Data for this exercise Start Marker

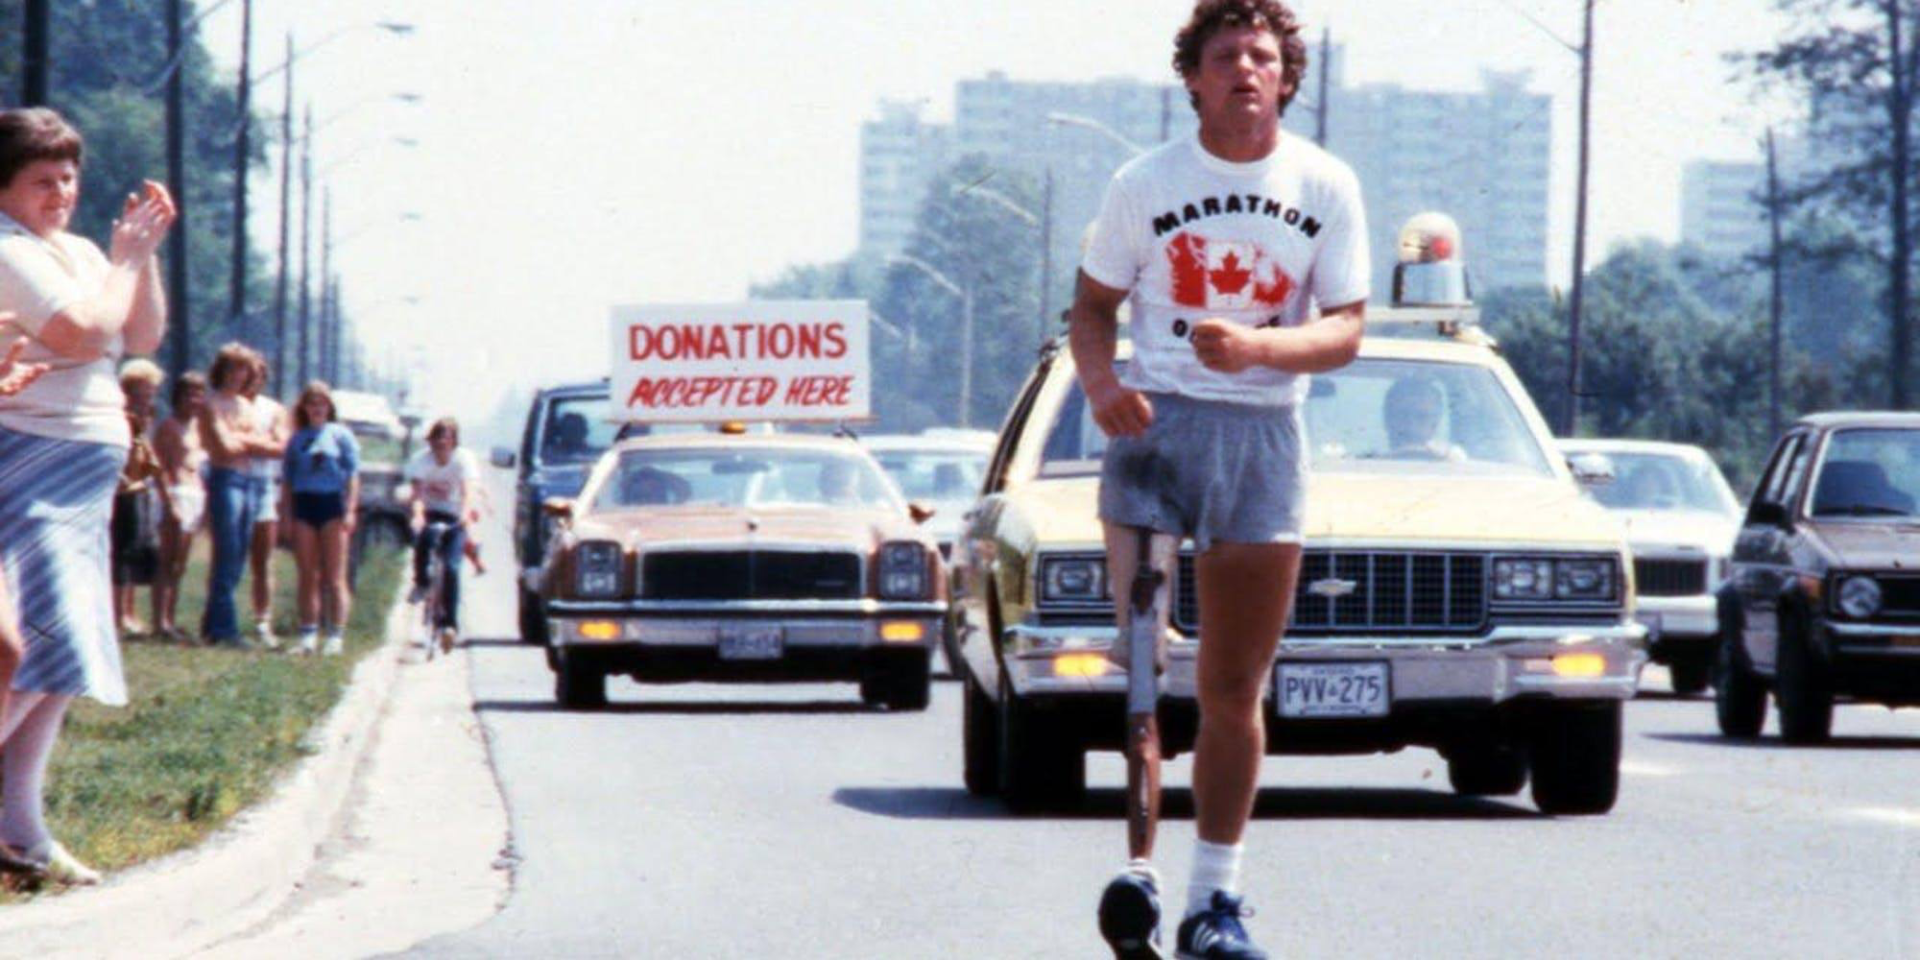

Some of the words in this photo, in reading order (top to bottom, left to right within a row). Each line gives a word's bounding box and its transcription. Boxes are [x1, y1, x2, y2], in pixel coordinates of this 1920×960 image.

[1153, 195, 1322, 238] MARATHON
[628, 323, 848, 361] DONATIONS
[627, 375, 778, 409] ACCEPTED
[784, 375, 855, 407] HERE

Data for this exercise End Marker

— Directions for this task —
The answer must be the listing above, restated word for word, with no images in it.

— Answer box —
Some of the words in this photo, in reading order (top to bottom, left to right within a row). Each line gives a word's bounding box and its transcription. Boxes are [x1, y1, x2, y2], in pixel coordinates of this 1920×960 image.

[1153, 195, 1322, 238] MARATHON
[628, 323, 848, 361] DONATIONS
[627, 375, 778, 409] ACCEPTED
[784, 375, 855, 407] HERE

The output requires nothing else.